**** Available data

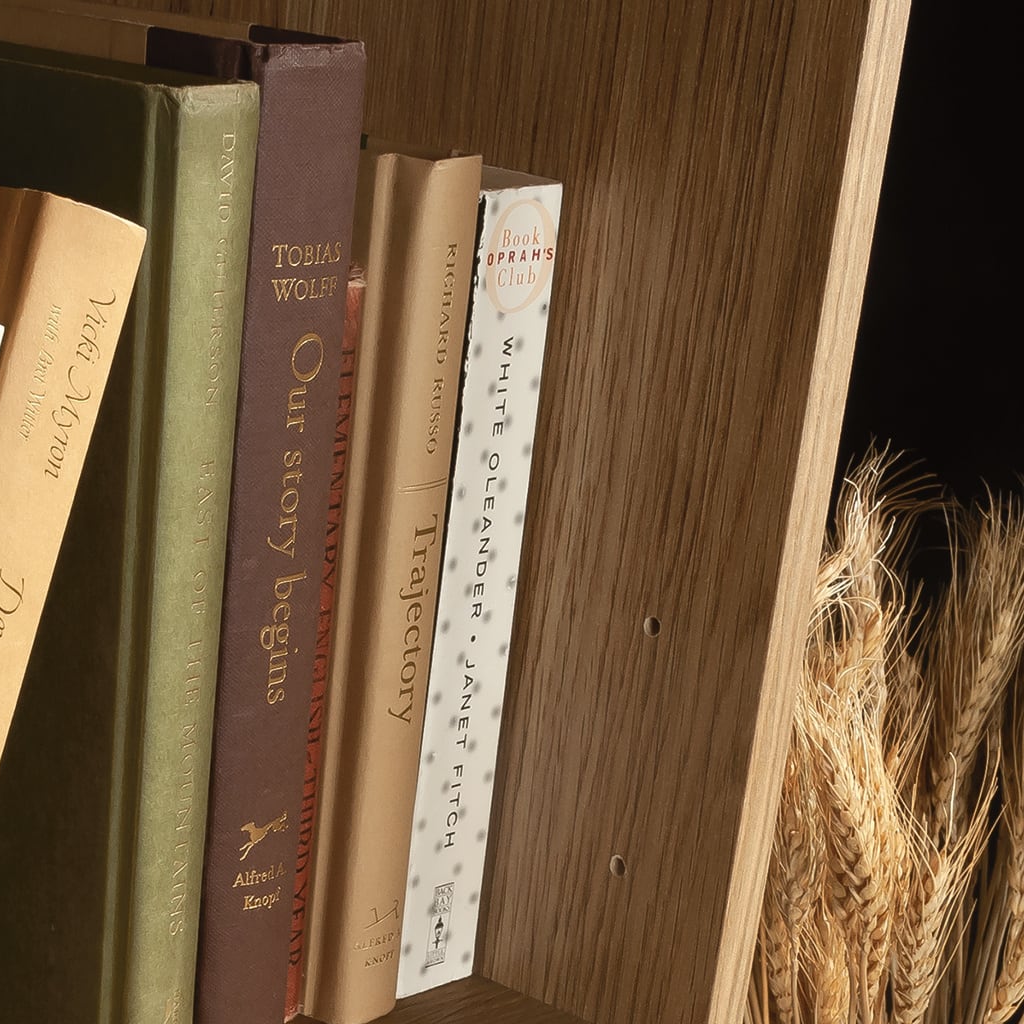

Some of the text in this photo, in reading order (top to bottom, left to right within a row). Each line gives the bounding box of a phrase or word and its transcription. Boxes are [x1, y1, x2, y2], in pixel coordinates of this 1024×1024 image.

[218, 132, 236, 223] DAVID
[272, 241, 342, 268] TOBIAS
[502, 226, 540, 247] Book
[487, 247, 554, 266] OPRAH'S
[271, 276, 338, 302] WOLFF
[498, 265, 536, 287] Club
[45, 304, 61, 342] with
[426, 243, 457, 455] RICHARD RUSSO
[45, 288, 116, 479] Vicki Myron
[19, 390, 47, 441] Witter
[259, 332, 324, 705] Our story begins
[444, 336, 514, 848] WHITE OLEANDER JANET FITCH
[388, 513, 439, 725] Trajectory
[232, 865, 274, 888] Alfred
[242, 886, 281, 911] Knopf
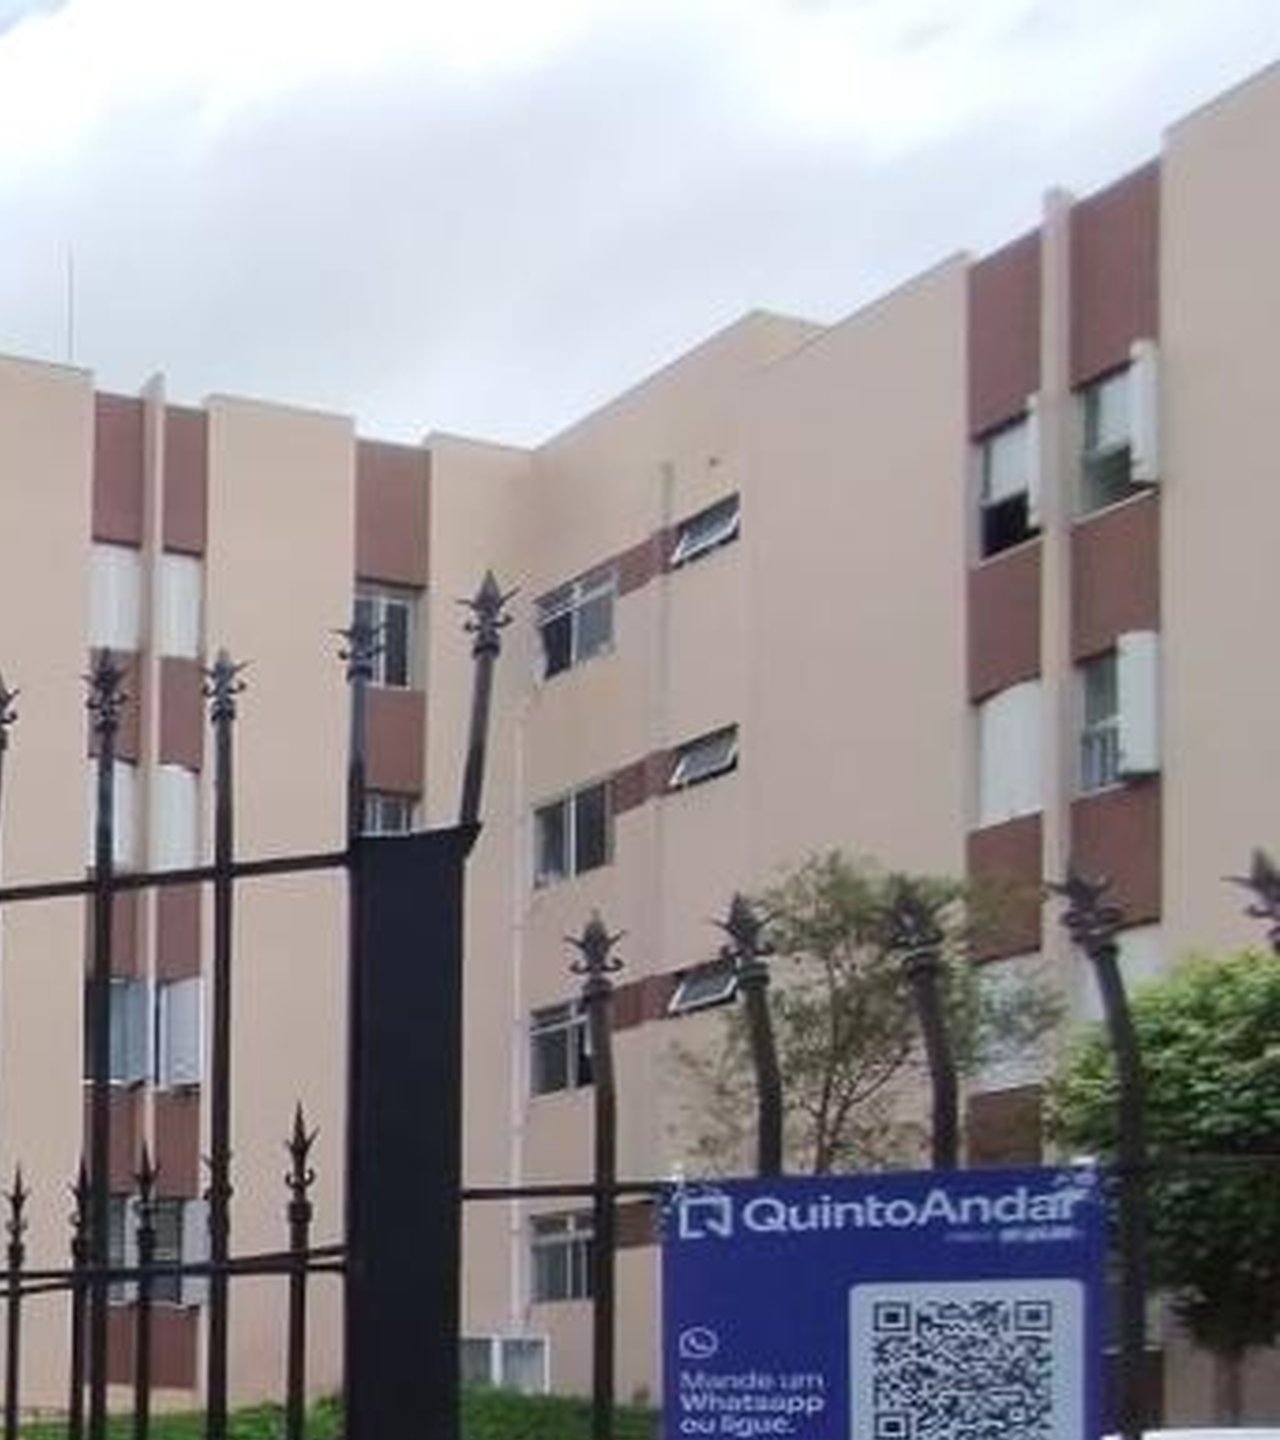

********

> [What to do]
Output every record above word for word, omitting any pictures they contain.

> [Written answer]
Some of the text in this photo, in reading order (top to bottom, left to right within a row). Each line gives the bounding box of a phrase or word and its transcription. Boxes are [x1, y1, x2, y2], in pixel coordinates of this 1024×1024 image.

[218, 132, 236, 223] DAVID
[272, 241, 342, 268] TOBIAS
[502, 226, 540, 247] Book
[487, 247, 554, 266] OPRAH'S
[271, 276, 338, 302] WOLFF
[498, 265, 536, 287] Club
[45, 304, 61, 342] with
[426, 243, 457, 455] RICHARD RUSSO
[45, 288, 116, 479] Vicki Myron
[19, 390, 47, 441] Witter
[259, 332, 324, 705] Our story begins
[444, 336, 514, 848] WHITE OLEANDER JANET FITCH
[388, 513, 439, 725] Trajectory
[232, 865, 274, 888] Alfred
[242, 886, 281, 911] Knopf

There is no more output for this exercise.